Dataset records –
● ● ● ● ● ● ●

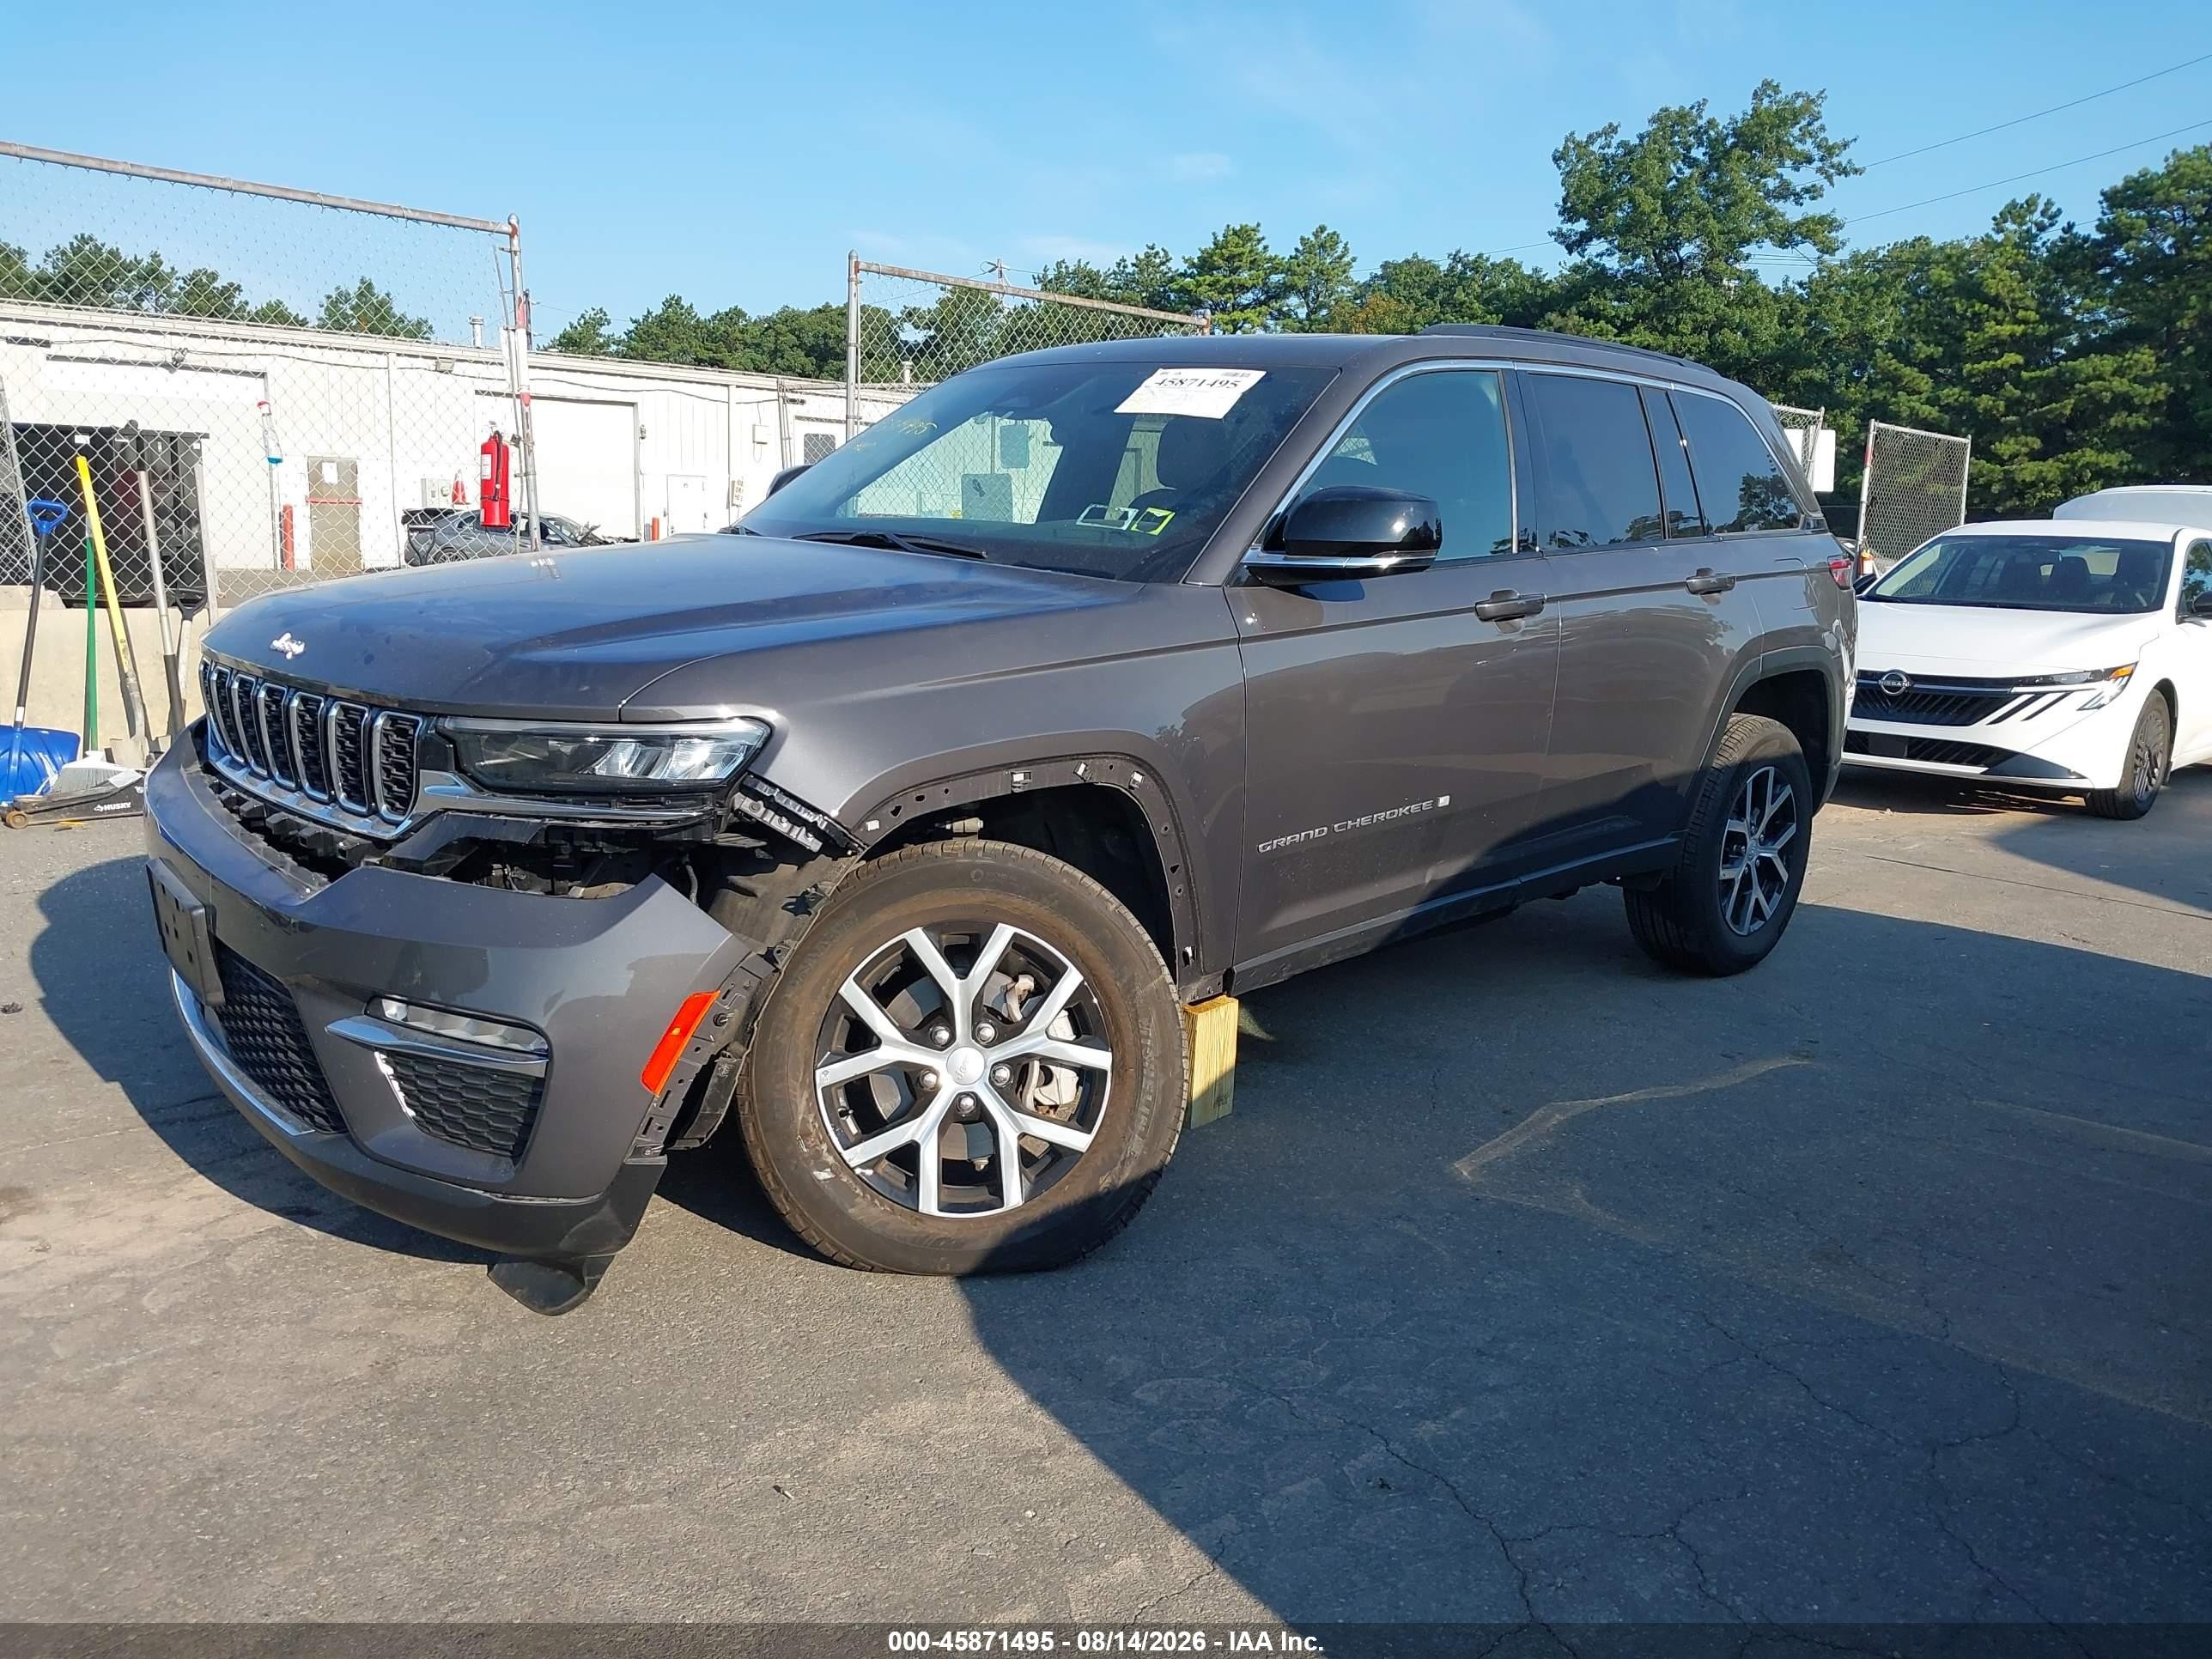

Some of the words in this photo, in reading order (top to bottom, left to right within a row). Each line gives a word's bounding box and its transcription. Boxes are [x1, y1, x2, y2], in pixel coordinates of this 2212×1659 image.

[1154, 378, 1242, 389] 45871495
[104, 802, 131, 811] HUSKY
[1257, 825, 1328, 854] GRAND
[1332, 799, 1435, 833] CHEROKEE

● ● ● ● ● ● ●

What is being asked –
Make an exact copy of the listing. Leave its pictures out.

Answer to this exercise –
Some of the words in this photo, in reading order (top to bottom, left to right within a row). Each line gives a word's bounding box and its transcription. Boxes are [x1, y1, x2, y2], in pixel coordinates of this 2212×1659 image.

[1154, 378, 1242, 389] 45871495
[104, 802, 131, 811] HUSKY
[1257, 825, 1328, 854] GRAND
[1332, 799, 1435, 833] CHEROKEE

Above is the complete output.